O delegado Orlando Zaccone foi um dos painelistas da mesa “A década do medo: mídia, violência e UPP”,  um dos temas mais esperados pelos participantes do 16º Curso Anual do NPC, já que o tema violência não saiu das páginas dos jornais cariocas, principalmente nos dias do curso. Autor do livro Acionistas do nada: quem são os traficantes de drogas, Zaconne é responsável pelo Núcleo de Controle de Presos da Polícia Civil do Rio de Janeiro, setor que coordena as políticas junto às unidades carcerárias da Polícia Civil.  

Por Katia Marko e Ana Lúcia Ribeiro 

O que você achou de participar de um encontro que reúne militantes sindicais e populares? Orlando Zaconne - Foi maravilhoso. Só de ter o meu nome lembrado e como policial ser convidado para um evento ligado aos movimentos sociais e sindicais já é uma grande honra. Pois é um reconhecimento de que a polícia também pode ter uma participação junto aos interesses populares. Eu penso que essa é a grande virada que a gente tem que dar. Não existe sociedade, dentro dessa forma de organização que nós estamos hoje, sem polícia. Pode até ter Estado sem exército, agora Estado sem polícia não existe. Então, se é uma instituição presente na forma de organização das nossas sociedades, nós temos que aproximá-la da sociedade e não do Estado. Acho fundamental os policiais participarem dos debates dos movimentos populares e dos sindicatos. Porque a polícia é estado de exceção puro. Ela tem a decisão, e a decisão da polícia também pode ser, em algum momento, favorável aos interesses populares, eu acredito nisso. 

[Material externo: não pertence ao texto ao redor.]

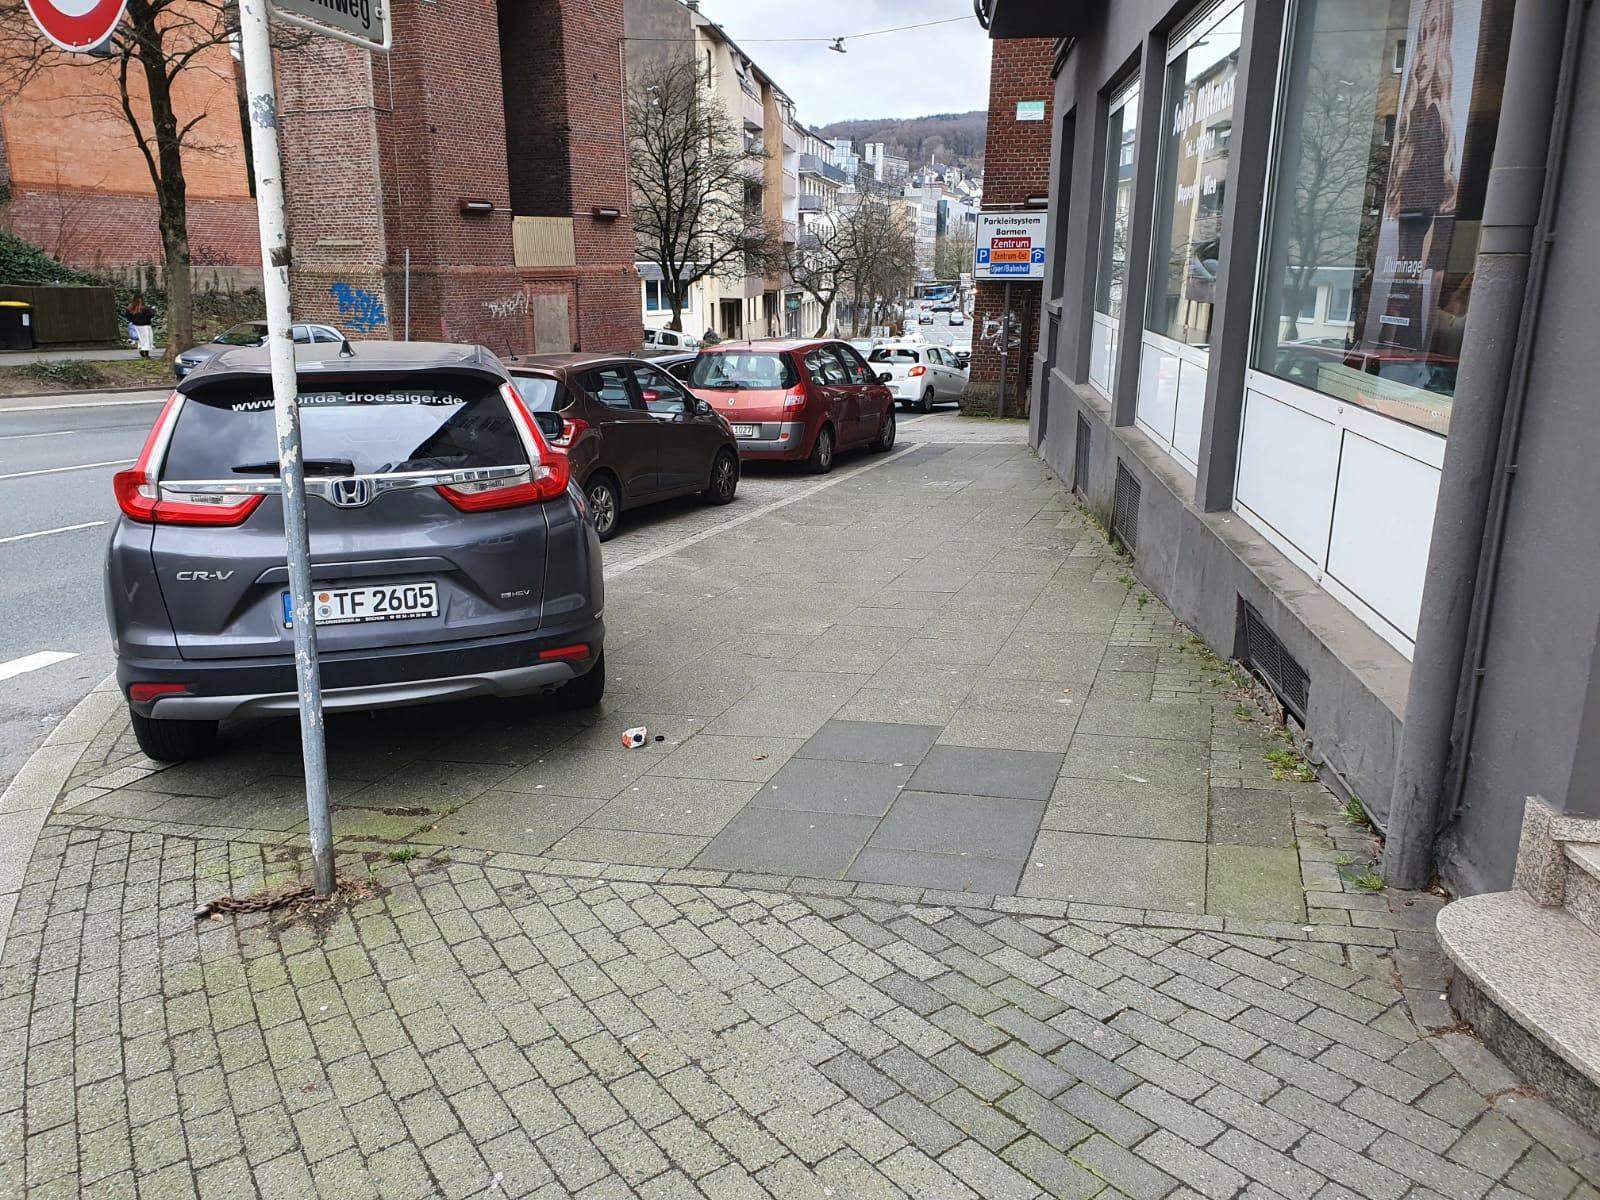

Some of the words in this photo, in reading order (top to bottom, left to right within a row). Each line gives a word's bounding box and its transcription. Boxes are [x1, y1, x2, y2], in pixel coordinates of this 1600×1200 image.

[984, 217, 1040, 225] Parkleitsystem
[996, 228, 1027, 236] Barmen
[993, 239, 1029, 248] Zentrum
[176, 570, 235, 581] CR-V
[333, 591, 365, 615] TF
[372, 586, 433, 613] 2605
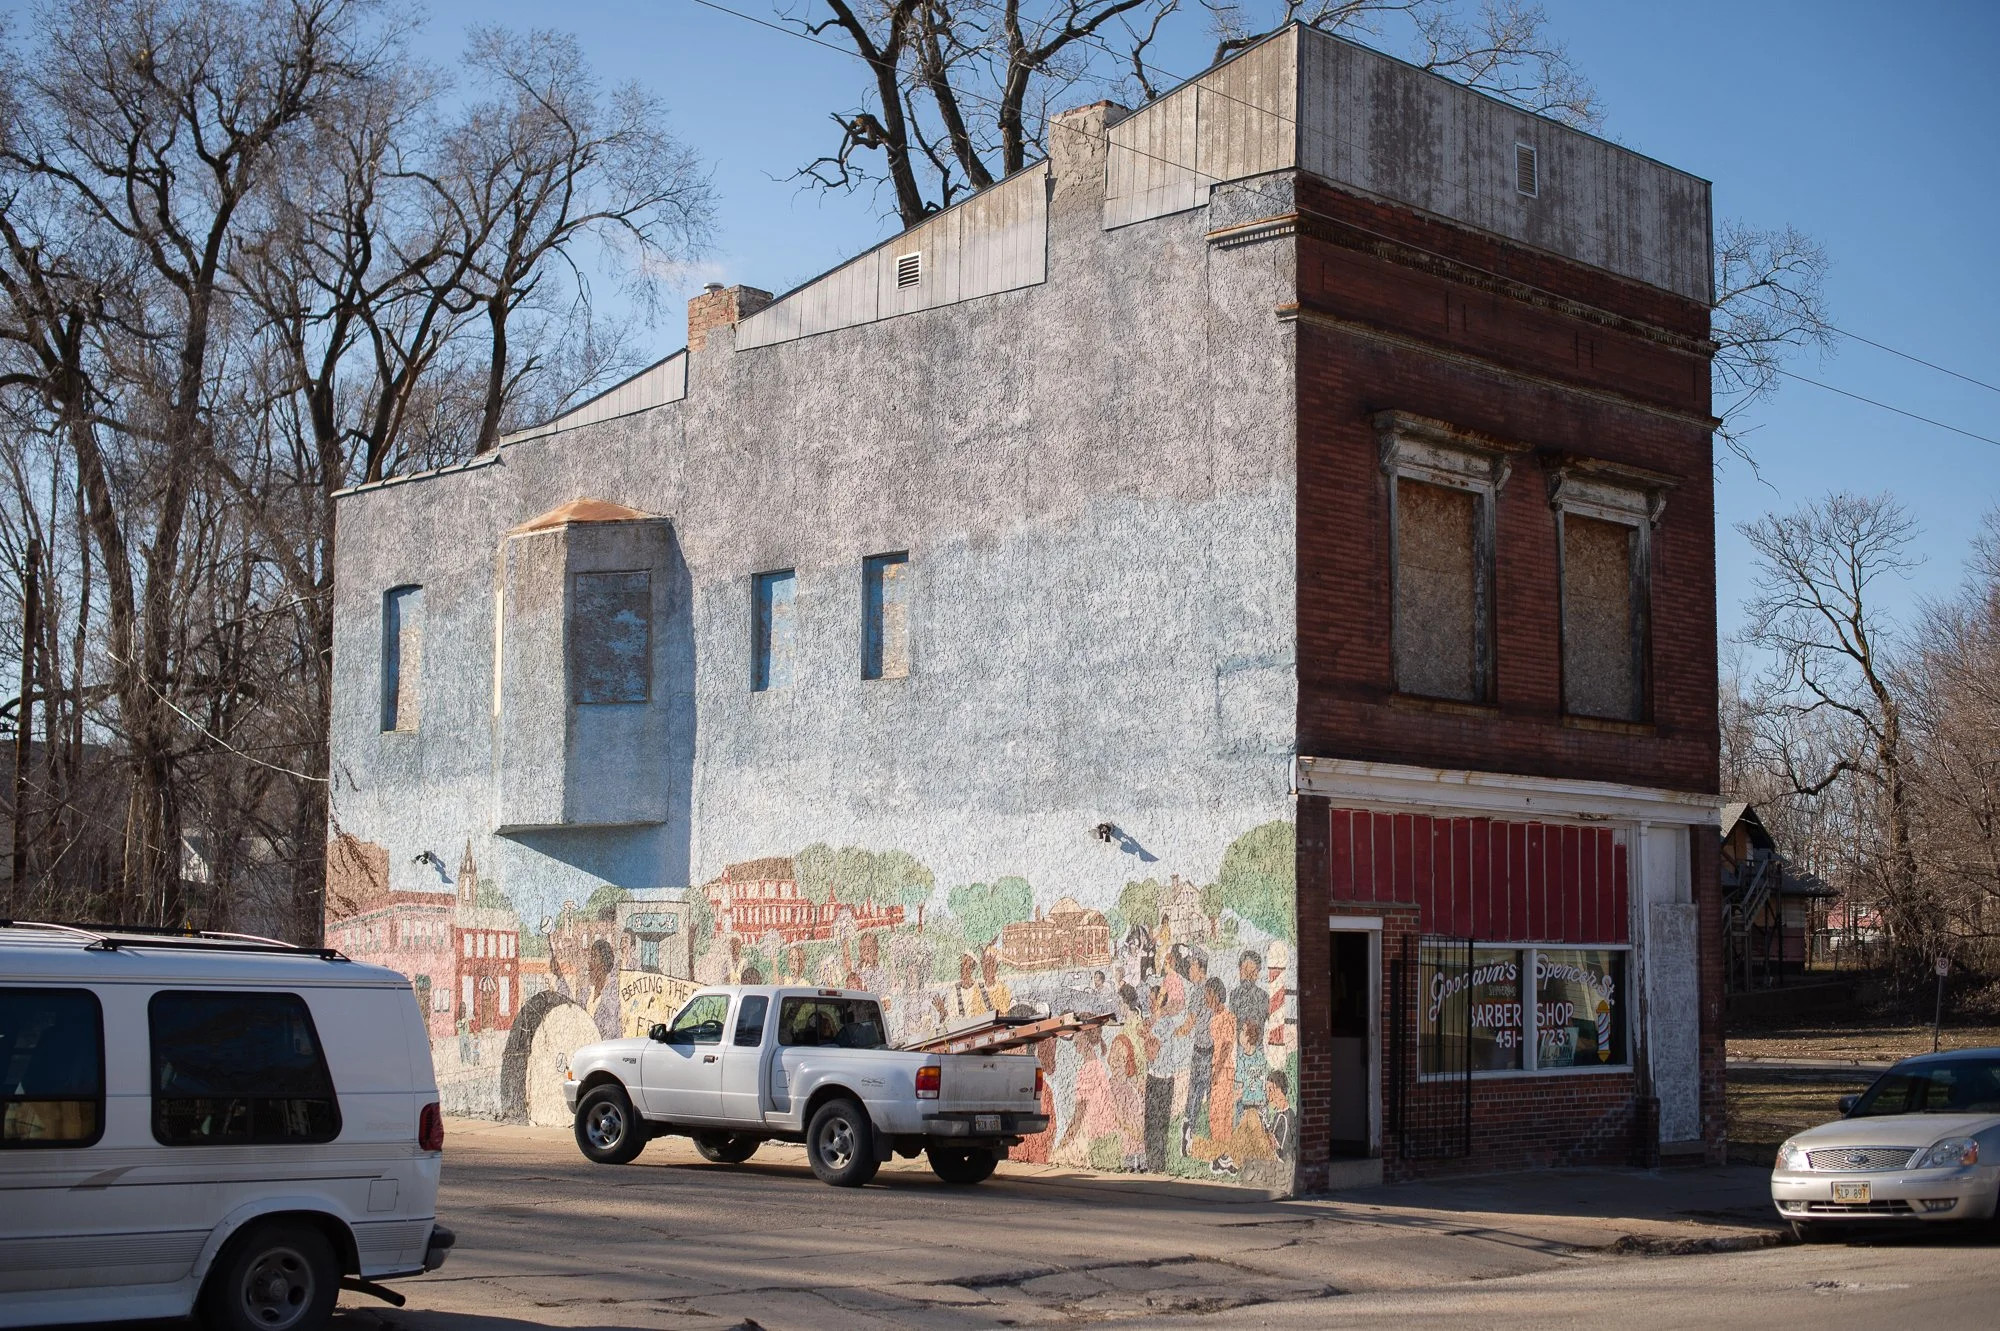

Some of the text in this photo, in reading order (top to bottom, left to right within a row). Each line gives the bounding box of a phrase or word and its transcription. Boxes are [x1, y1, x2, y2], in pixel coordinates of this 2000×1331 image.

[621, 976, 663, 1002] BEATING
[666, 979, 689, 1003] THE
[1536, 1002, 1574, 1027] SHOP
[1495, 1029, 1565, 1049] 451-723

Mas essa visão é uma exceção na polícia?

Zaconne - É, mas as exceções podem virar regra. Historicamente a polícia reproduz o "status quo". As forças armadas também, mas a gente já teve em vários momentos na história do nosso país, as forças armadas se aliando aos interesses populares, participando de movimentos populares. 

Mas as pessoas têm medo da polícia...

Zaconne - Sim, mas isso depende hoje de uma luta interna de nós policiais no sentido de começarmos a nos aproximar desse outro jogo, que não é do jogo dos interesses das razões do Estado, dos grupos dominantes, mas sim dos interesses populares. Eu acredito que isso é possível. Até porque os policias são oriundos das classes populares. Eu mesmo, meu pai é filho de imigrante italiano que veio para o Brasil pobre. E os policiais hoje são recrutados nos mesmos setores populares dos criminosos. A grande maioria dos policiais militares, principalmente os que estão na base da corporação, os soldados, os cabos, são oriundos das favelas. 

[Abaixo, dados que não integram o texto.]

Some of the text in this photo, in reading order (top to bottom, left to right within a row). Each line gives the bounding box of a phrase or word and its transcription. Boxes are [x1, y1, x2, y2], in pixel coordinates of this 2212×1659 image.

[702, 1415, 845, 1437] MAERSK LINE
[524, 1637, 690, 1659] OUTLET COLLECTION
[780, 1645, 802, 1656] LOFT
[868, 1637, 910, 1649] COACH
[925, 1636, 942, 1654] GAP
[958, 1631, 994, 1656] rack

Depois do Tropa de Elite 1, o pessoal da  favela dizia que a meninada não queria mais ser traficante, queria ser soldado do BOPE. O quanto é real essa atratividade da polícia e do BOPE pra essa galera?

Zaconne - É lógico que a violência e os armamentos representam poder. Tem o aspecto da subjetividade que atrai, mas agora a questão é a seguinte: esses garotos vão querer ser policiais pra quê? Pra trabalharem em beneficio das populações dos guetos, de onde eles vieram, ou contra? Então, a questão é essa, o importante não é o fato deles serem oriundos desse ambiente, é o que, quais são as funções que eles vão exercer na polícia. Por isso que eu falei no debate que pra mim hoje pior do que o desvio das funções da polícia são as funções da polícia. Quando se fala em desvios da função, como a corrupção, é preciso dizer que a corrupção policial está inserida na corrupção da estrutura do Estado. Corrupção na polícia é coisa de criança. Prostituição, jogo, droga, perto do que a gente sabe que existe de corrupção na estrutura do Estado não é nada. Mas se reforça sempre o discurso de purificação das corporações através do combate da corrupção justamente para colocar o desvio como problema, quando na verdade o problema da polícia não é o desvio, o problema da polícia é a função. O que a gente tem que discutir são as funções da polícia e eu acho que esse debate interno entre os policiais pode ajudar a que as forças policiais se coloquem, é lógico, a policia não vai fazer uma revolução... 

Mas esse debate já está existindo?

Zaconne - Existem policiais debatendo, eu sou um exemplo disso. Eu tenho notícias de haver um debate no Maranhão, no Rio Grande do Sul. No território nacional tem policiais que estão com esse questionamento. E eu acho que uma hora, esses policiais vão conseguir se reunir pra tentar um novo projeto. 

É mais difícil um debate dentro da polícia? Tem um sistema de repressão interna?

Zaconne - Tem, porque foram feitos mecanismos que esvaziaram o debate da polícia. Os primeiros sete anos da academia de polícia entendeu o policial como uma máquina de guerra. Ele não é visto como uma pessoa que vai pensar a segurança pública, até porque se apropriaram. 

Mas eles podem falar? Porque tenho a impressão de que eles têm medo de falar...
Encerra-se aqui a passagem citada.